Another IRA / Trust Question

Revocable living trust is the beneficiary of a single IRA.

Trust provides that upon death of settlor, $x goes to wife outright, $y goes to adult child one outright, and $z goes adult child two outright. The balance is further subdivided into further trusts for children and their descendants.

Let’s say the only asset is the IRA.

1) How does this work? Do child 1 and child 2 have to use wife’s age to calculate their RMDs? Is there a rule about doing a trustee to trustee transfer by a certain date that makes this work better?

2) Is the satisfying the pecuniary bequest to the beneficiaries with the IRA a trigger of Keenan gain?



If the IRA owner wants part of the IRA to go to spouse and kids outright, then the trust should not be named bene of that portion. Depending on the terms of the trust, the kids may not get anything until the spouse dies, if the trust is the bene.

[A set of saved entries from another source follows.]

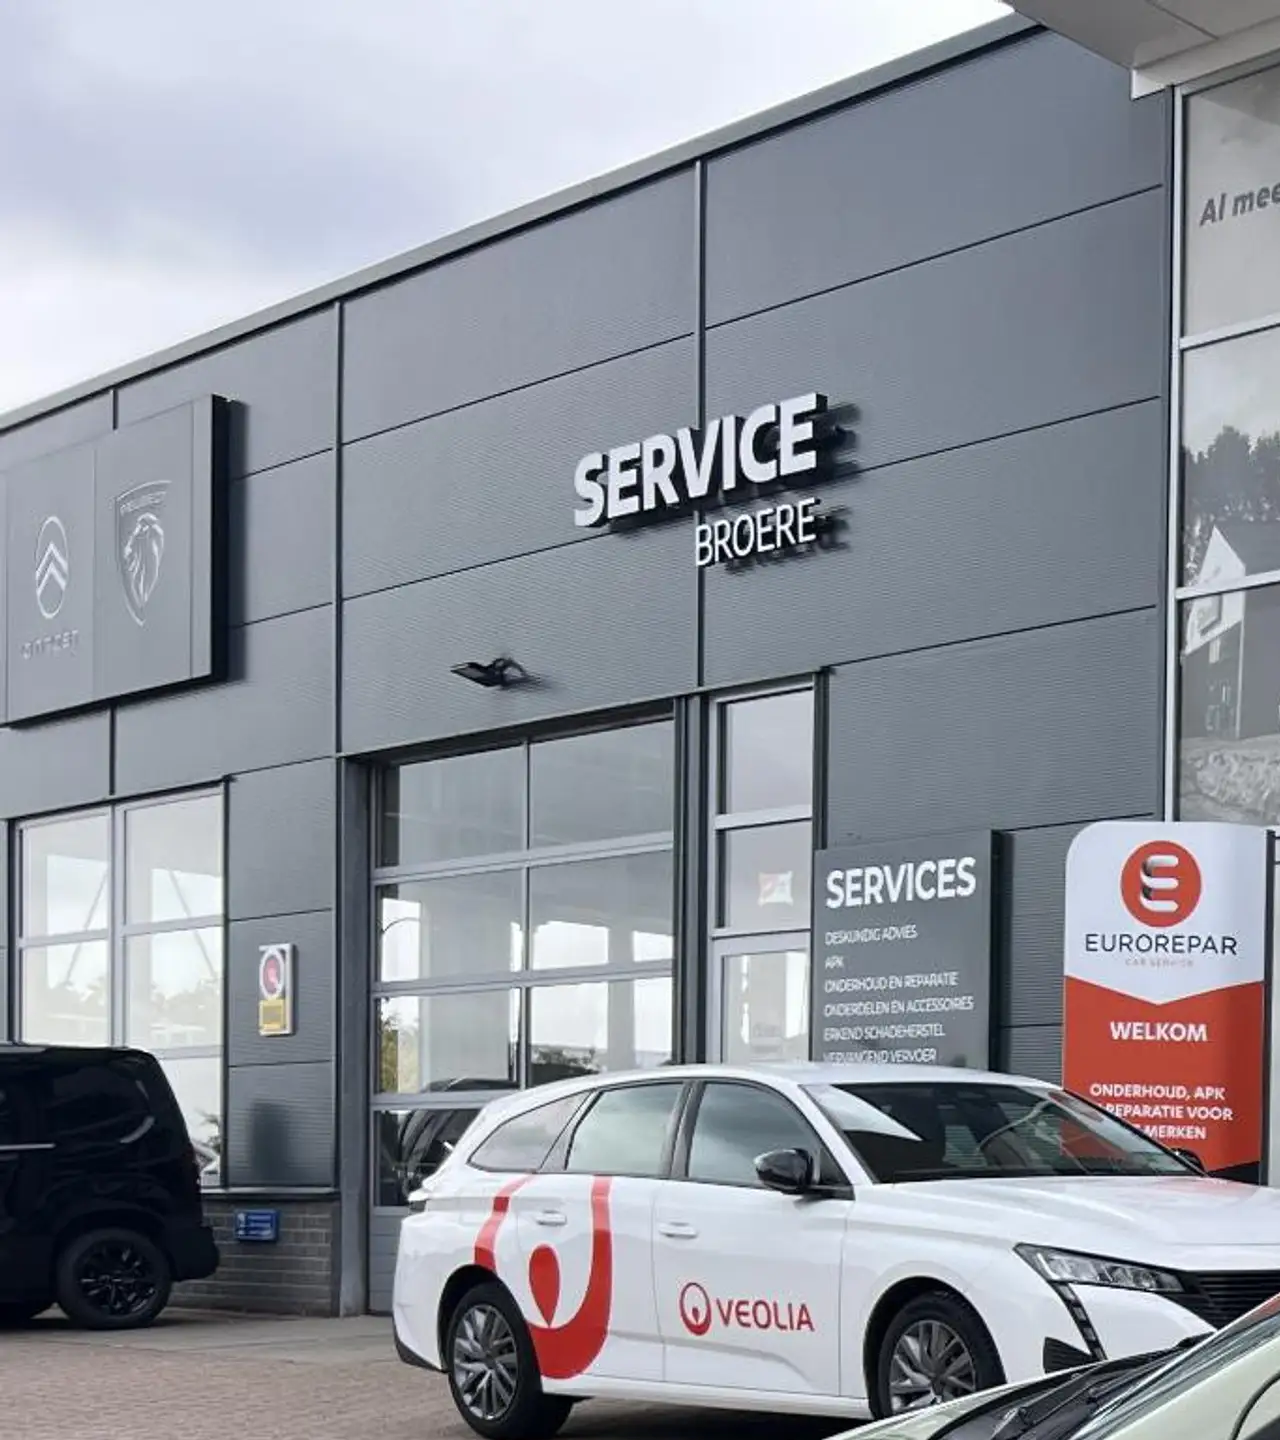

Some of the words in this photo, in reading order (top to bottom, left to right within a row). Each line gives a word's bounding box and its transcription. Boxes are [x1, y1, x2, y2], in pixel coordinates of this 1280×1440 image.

[1200, 193, 1226, 226] Al
[574, 392, 820, 526] SERVICE
[695, 497, 816, 566] BROERE
[825, 857, 977, 909] SERVICES
[1085, 934, 1238, 955] EUROREPAR
[1110, 1021, 1208, 1042] WELKOM
[1090, 1083, 1190, 1100] ONDERHOUD,
[1195, 1086, 1226, 1100] APK
[1106, 1104, 1184, 1119] REPARATIE
[1187, 1106, 1233, 1121] VOOR
[1144, 1124, 1207, 1140] MERKEN
[716, 1298, 815, 1333] VEOLIA
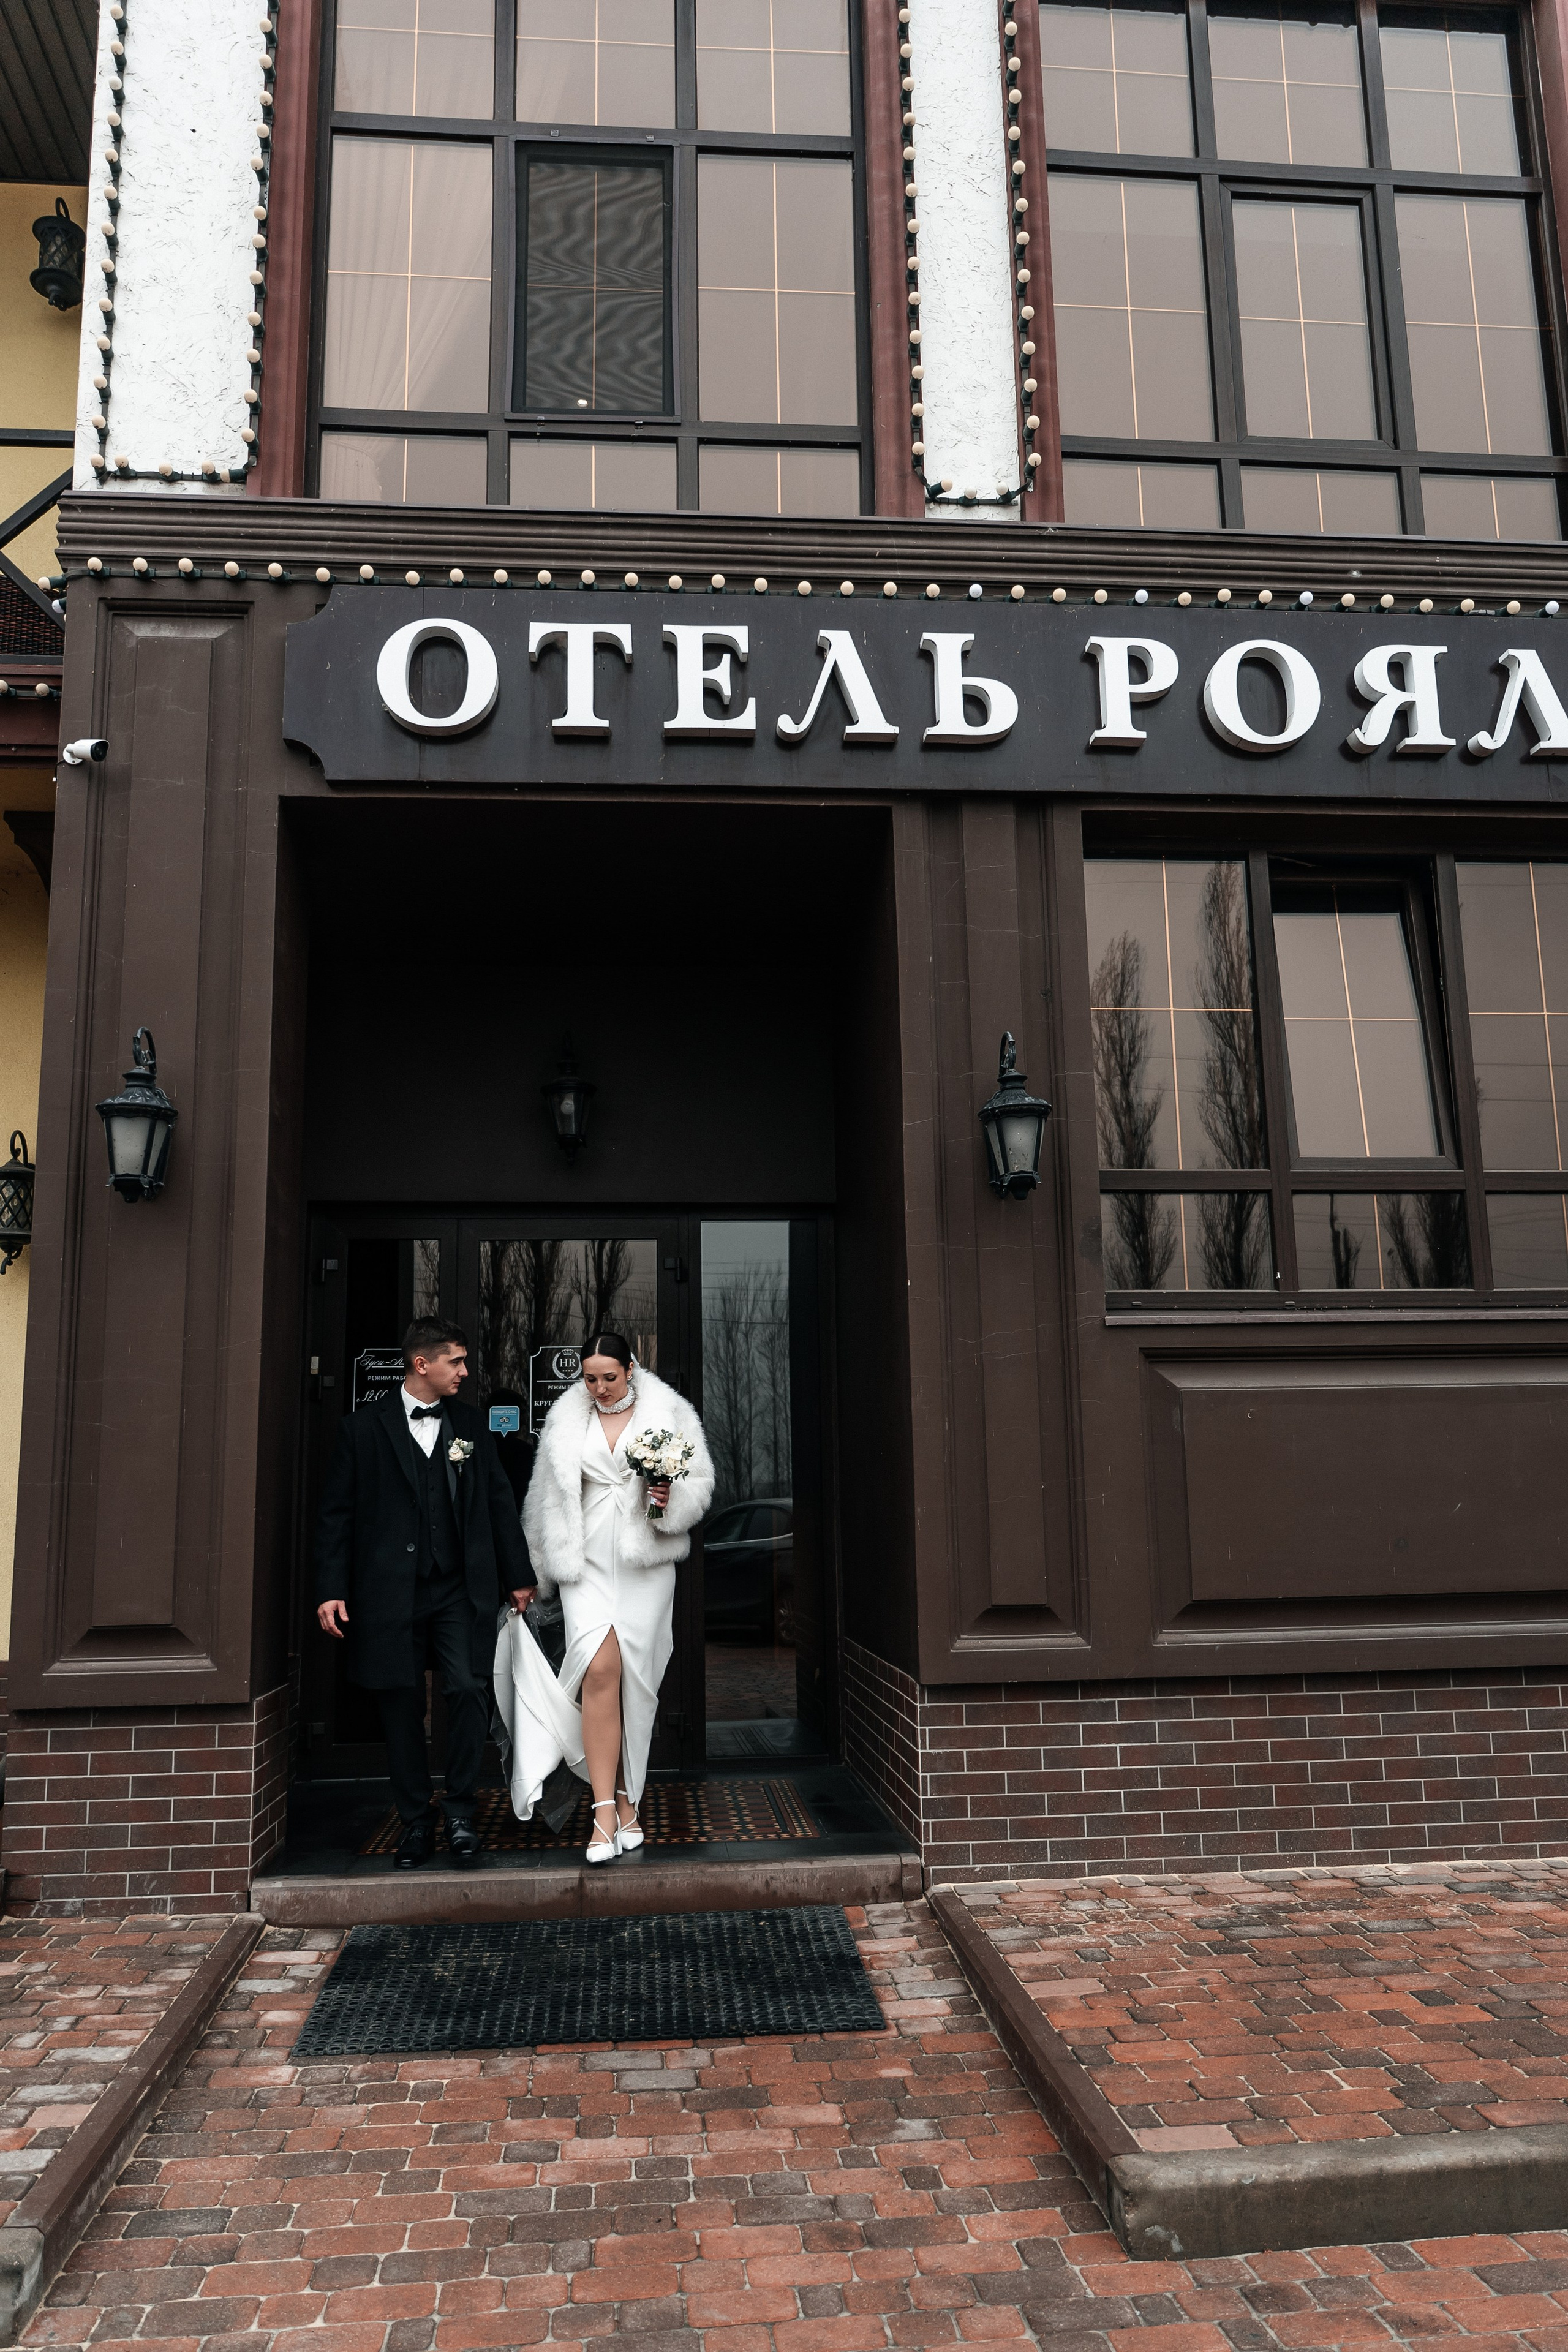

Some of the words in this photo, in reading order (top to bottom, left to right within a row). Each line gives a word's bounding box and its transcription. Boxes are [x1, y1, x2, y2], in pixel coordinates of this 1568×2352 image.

[376, 617, 1020, 744] ОТЕЛЬ
[1084, 635, 1568, 757] РОЯЛ
[559, 1358, 577, 1368] HR

#2) The Kenan gain issue is one of those rulings that have not been followed up with much definition. However, I think it best to avoid pecuniary bequests because they open up this pitfall. Since this is a done deal here, I think the answer is “the risk is there for Kenan to surface.” In most such cases to date, this issue has probably been glossed over both by preparers and the IRS. Not to reassuring an answer, perhaps Bruce Steiner can embellish it.



The Trust provides that the distributions of the pecuniary amounts go outright, and are not held in trust.

So I think that both spouse and childred will get it right away.

However, if we do it through the trust, and there are multiple beneficiaries, does that prevent spouse from being able to roll over? Do the kids have to use spouses life expectancy for their rmds?



My answers would be yes, and yes.



It’s not clear if this situation involves a living IRA owner or a deceased IRA owner.

If it involves a living IRA owner, there’s no point to trying to solve these problems. The IRA owner can revise the beneficiary designation to avoid them.

If it involves a deceased IRA owner, the interested parties should consult with competent tax/estates counsel to consider what to do.

There has been some discussion as to whether the use of the IRA to satisfy the pecuniary bequests to the children accelerates the income. In Chief Counsel’s Memorandum 200644020, the IRS recently took the position in a similar situation that it would.

As to the spouse, some older private letter rulings allow the rollover without accelerating the income. PLRs 9808043, 9623056 and 9608036. We don’t know whether the IRS would still rule the same way in the case of a spouse (in other words, whether the IRS would apply the rationale of CCM 200644020, or whether the IRS would treat a spouse differently for this purpose).

If this involved a deceased IRA owner, is there a way to fund the bequests to the children without having to use the IRA?

Bruce Steiner, attorney
NYC
also admitted in NJ and FL



They’re still living.

Can the IRA owner make dollar figure beneficiary designations, and then make a designation for the balance?